Eh Joe - Interpretation

Interpretation

Joe does not come across as a particularly likeable man. On the surface he is like many of Beckett’s lonely old men, affected by the effects of the choices he has made, but whereas many have simply ended up where they are by avoiding humanity, Joe has used and discarded it, particularly its women. But does he feel responsible, let alone guilty, for his actions? Either way, something is playing on his mind. The woman’s voice that carps at him acts as if she is “a representation, an exteriorization of Joe’s internal conflict” but the reality is she is “not only the voice of memory, even memory rearranged or juxtaposed, but at least creative if not created memory, that is, memory leaching into imagination or creativity. Were she not, how could he “squeeze away” at her until he finally silences her completely? Beckett was very specific when writing to Alan Schneider: “An inner voice from the past.”
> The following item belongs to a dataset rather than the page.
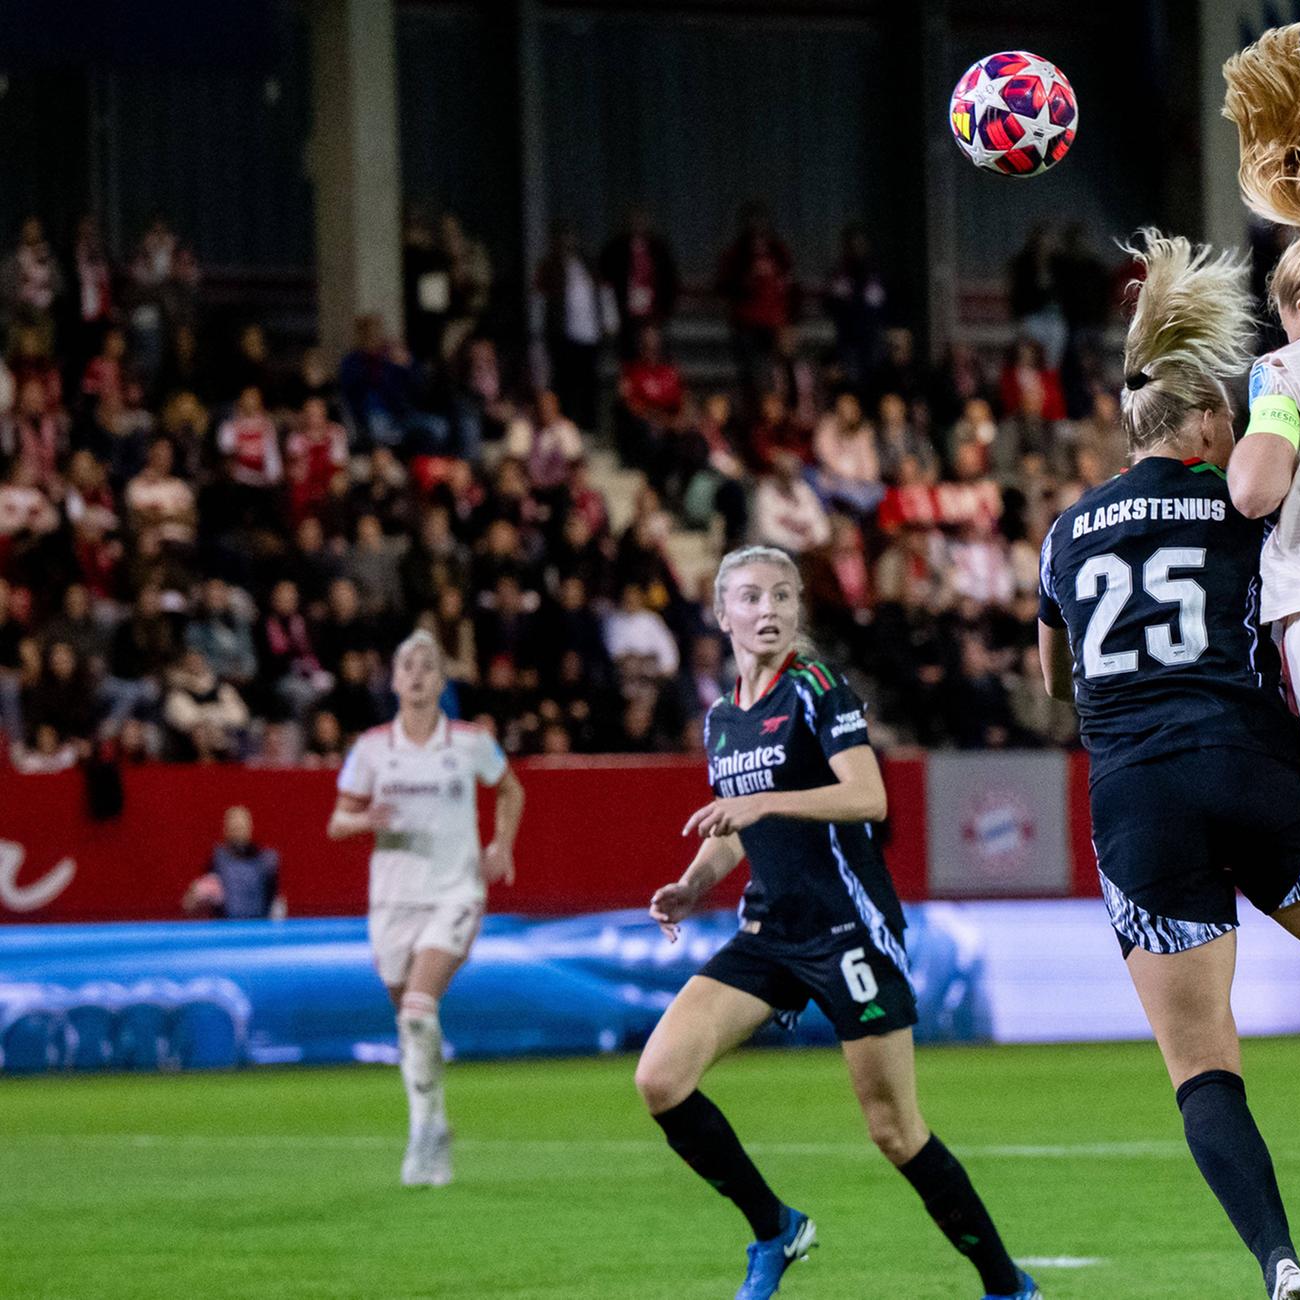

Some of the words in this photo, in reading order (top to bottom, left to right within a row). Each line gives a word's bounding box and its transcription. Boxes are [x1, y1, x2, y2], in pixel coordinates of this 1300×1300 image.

In the “version of He Joe directed by Walter Asmus and Beckett, recorded in Germany 1979 … he camera pursues Joe in line with the text’s instructions; but Joe is positioned on the right of the frame, and he does not look at the camera as it moves inexorably closer. The effect is to deepen the ambiguity of the voice’s location; Joe’s posture suggests that the voice is whispering directly into his ear, but the place where the one whispering would normally sit is, the framing constantly reminds us, empty.”

Why a woman though and why this particular woman? “Aspects of consciousness, according to Jung, can become almost independent personalities and might even ‘become visible or audible. They appear as visions, they speak in voices which are like the voices of definite people.’” “His protagonist represents an aspect of psychological duality, akin to Jung’s Anima or Shadow. Voice in Eh Joe is less Joe’s dark or evil side than his opposite: feminine, constant, secure and irreligious, to Joe’s masculine, lecherous, dishonest but (surprisingly) religious self,”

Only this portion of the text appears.